Discus thrower Kamalpreet Kaur, who finished sixth in the Tokyo Olympics, has been suspended for three years by World Athletics (WA) with effect from March 29.
In a decision published on its website on Wednesday, the Athletics Integrity Unit (AIU) of the WA said that Kaur had admitted the anti-doping rule violation and accepted the consequences following which it reduced the otherwise applicable sanction of four years by one year as permitted in the rules.
Kaur had tested positive for steroid stanozolol in a sample that the AIU collected at Patiala on March 7. She was provisionally suspended by the AIU on March 29. All her results from March 7 would be annulled with resulting consequences of loss of awards and prize money from that date with the latest decision.
Kaur went into a prolonged “supplements testing” process before she finally accepted her guilt and agreed to the proposed sanction. As per the 2021 Code of the World Anti-Doping Agency (WADA), an athlete can admit the rule violation within 20 days of being issued a charge to be eligible to get a reduction of one year from a possible four-year sanction.
Kaur had written down “several supplements” in her doping control form (DCF) and when the notice was issued to her, she wanted to know what the financial implications would be in seeking a ‘B’ sample test and subsequently the laboratory document package. Her sample was tested by the Lausanne accredited laboratory.
She was permitted to have the supplement tested by the National Dope Testing Laboratory in New Delhi by the AIU. However, she informed the AIU that she had tested four of the supplements at a private lab and one protein supplement had turned in a report of “traces of steroid”.
She was then allowed to have that protein supplement tested at the NDTL which also reported the finding of stanozolol in it.
Kaur could not submit an unopened package of the supplement in question nor any remaining portion of it since she said she had sent the remainder of the supplements for testing as per her coach’s advice.
The AIU sought the opinion of its scientific advisor on the tests and reports. His conclusion was “the use of the reference protein supplement as documented and described by the athlete was not compatible with the adverse analytical finding as a matter of pharmacokinetics.”
Following this, the AIU issued a notice of charge informing her of the consequences and giving her time till September 21 to respond. It was AIU’s position that she had not established how the prohibited substance entered her body and that she had committed an anti-doping rule violation.
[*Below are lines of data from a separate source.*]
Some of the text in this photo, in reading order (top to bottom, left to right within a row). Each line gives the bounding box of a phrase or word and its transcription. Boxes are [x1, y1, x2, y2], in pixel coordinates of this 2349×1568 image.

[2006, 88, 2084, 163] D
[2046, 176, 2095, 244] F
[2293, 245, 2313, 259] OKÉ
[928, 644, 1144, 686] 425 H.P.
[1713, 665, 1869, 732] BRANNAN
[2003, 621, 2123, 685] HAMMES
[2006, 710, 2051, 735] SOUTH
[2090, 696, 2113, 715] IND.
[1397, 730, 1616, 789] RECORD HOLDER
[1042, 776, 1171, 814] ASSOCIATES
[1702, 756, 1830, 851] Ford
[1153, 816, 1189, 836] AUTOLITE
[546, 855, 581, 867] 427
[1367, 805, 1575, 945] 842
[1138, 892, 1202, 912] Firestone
She was bound to be suspended for four years, the AIU informed.
On September 27, Kaur returned the “admission of ADRV and acceptance of consequences” form which enabled her to get a reduced suspension of three years instead of the standard four years prescribed for a steroid violation.
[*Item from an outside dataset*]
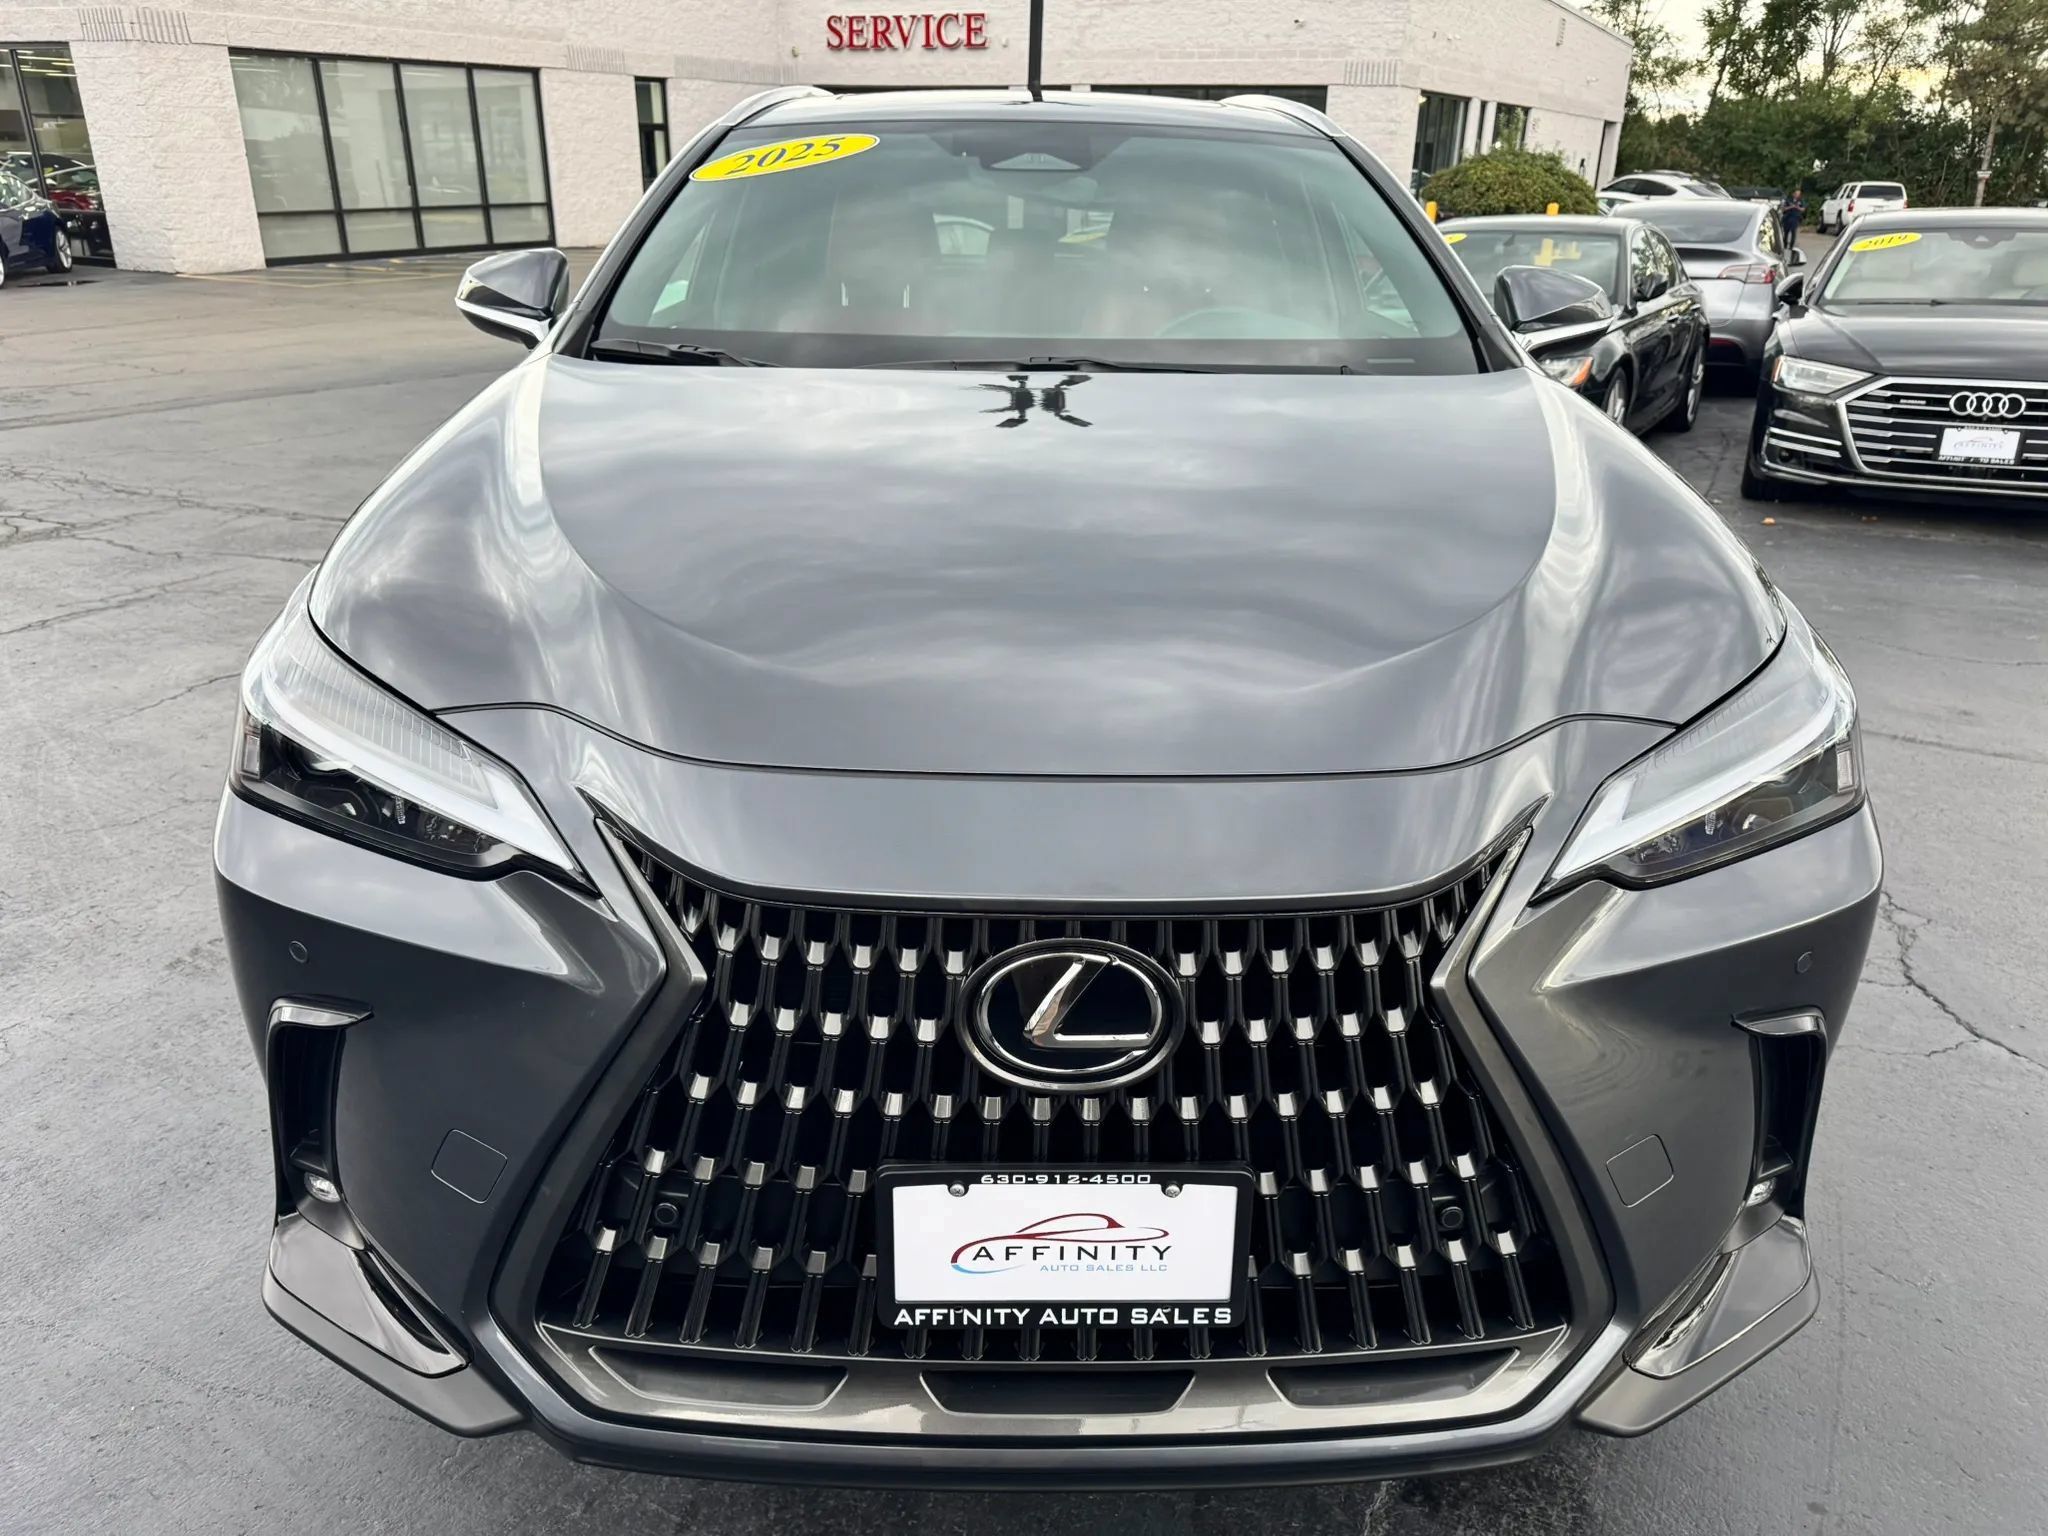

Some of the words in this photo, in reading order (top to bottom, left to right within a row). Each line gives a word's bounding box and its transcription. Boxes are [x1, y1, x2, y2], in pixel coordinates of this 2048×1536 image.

That it took such a long period for Kaur to admit her guilt and accept the consequences comes as a surprise. The early or prompt admission should be recorded within 20 days of issue of a charge. In this case, the athlete was issued a charge only on September 7 though the first notice to her had gone in March. Strictly going by the rules, everything might have been in order but the “supplements testing” procedure can delay things for long as shown in this case.
Kaur had sprung a surprise last year by posting a national record of 65.06m at Patiala on March 19. Later competing alone at Patiala, she did 66.59m. It is not clear even now whether the Athletics Federation of India (AFI) would ratify the latter mark as a national record.
At the Tokyo Games, Kaur did 64.00m to qualify for the final in which she recorded 63.70m to finish sixth.
Kaur is the third Indian athlete to be suspended by the AIU this year. Earlier sprinter Dhanalakshmi was suspended for three years, and the same sanction was imposed on discus thrower Navjeet Kaur Dhillon, both admitting their offences in time.
The National Anti-Doping Agency (NADA) has, in the meantime, suspended leading athletes M. R. Poovamma (400m) and Shivpal Singh and Rajender Singh (javelin) among others. The hearing process in the case against triple jump national record holder B. Aishwarya is yet to be completed.